We add all 4 new `faces` to the `faces` list and return;

When we get back to the function that started the first step we go into a loop doing the following:

• take a `Face` out of the `faces` list
• call `WalkToFace` on that `Face`
• keep doing this until the `faces` list is empty.
• the `spaces` list now holds all the reachable empty nodes

Clearly `WalkToFace` is doing the bulk of the work so lets look at how it behaves for 3 of the 4 faces we enqueued in the first function. We are only looking at 3 as they cover this different behaviours our code has to handle

For the position on the right we start by walking towards the `Position` in the `Face` just like we did for the first point, however we are keeping track of what depth we are at and as soon as our depth matches (or exceeds) the depth in the `Face` we change our behaviour. In this case we have reached the deepest node already so we do the same as we did for the point, namely enqueue the 4 `Face`s, add the node to the `spaces` list and return;

The point above the first is a little different as before we hit the depth in the `Face` we reach the deepest node. No worries, just enqueue the 4 faces like the last 2 times and return. Also note that in this case we have points outside the quadtree, what you do with those is up to you. In TaleSpire we have divided the board up into zones and each has it’s own octree so we pass those external points off the respective zone for processing.

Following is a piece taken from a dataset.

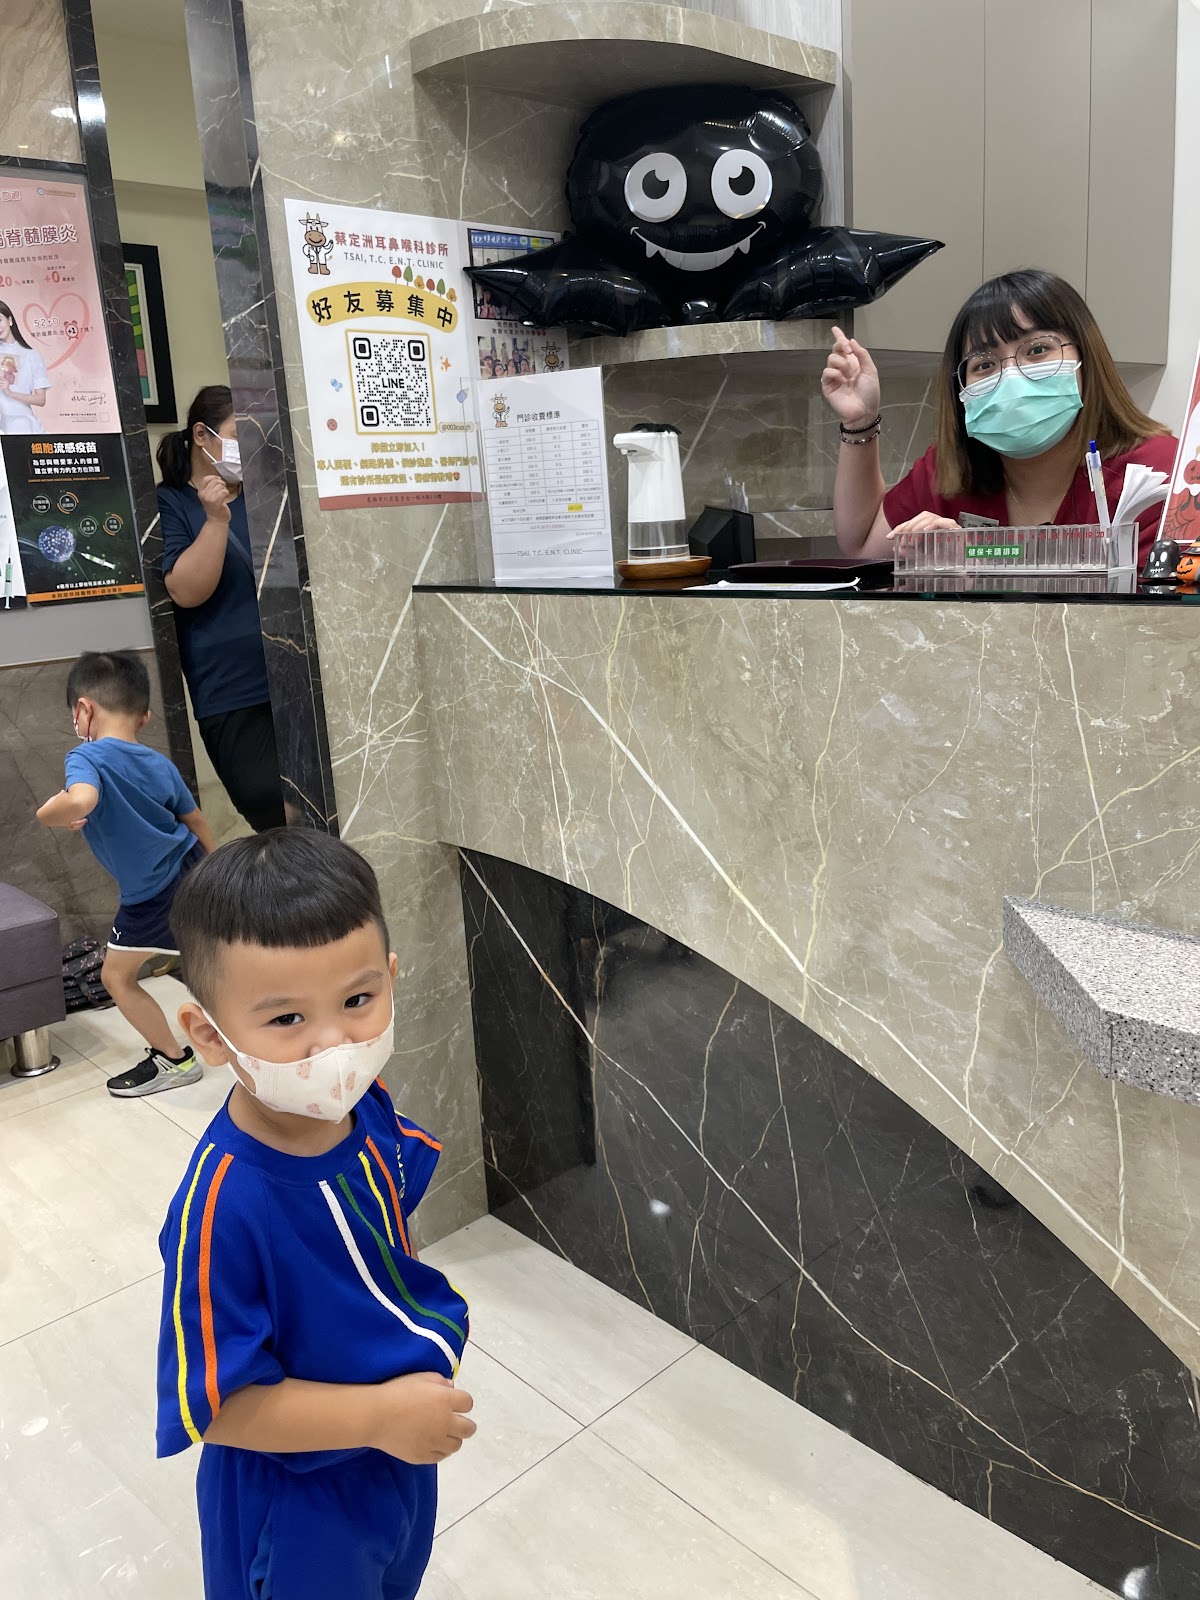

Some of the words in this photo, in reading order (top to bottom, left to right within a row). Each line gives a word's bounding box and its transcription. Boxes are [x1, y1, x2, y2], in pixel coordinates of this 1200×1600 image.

In this last case we walk to the depth specified in the `Face`, now we are here we still have more child nodes. This is where the `From` information in the `Face` is important. Remember that we said that once our depth >= the `Face`’s depth we change the behaviour. Now we stop picking nodes by the `Position` in `Face` and instead recurse into each of the child nodes on the side stated in the `From` field in `Face`. Doing this gets us to the 2 nodes marked with blue lines in the pic above.

If that isn’t clear here is a different example. Here we are coming from the right so all the rightmost nodes (marked in red) are reached.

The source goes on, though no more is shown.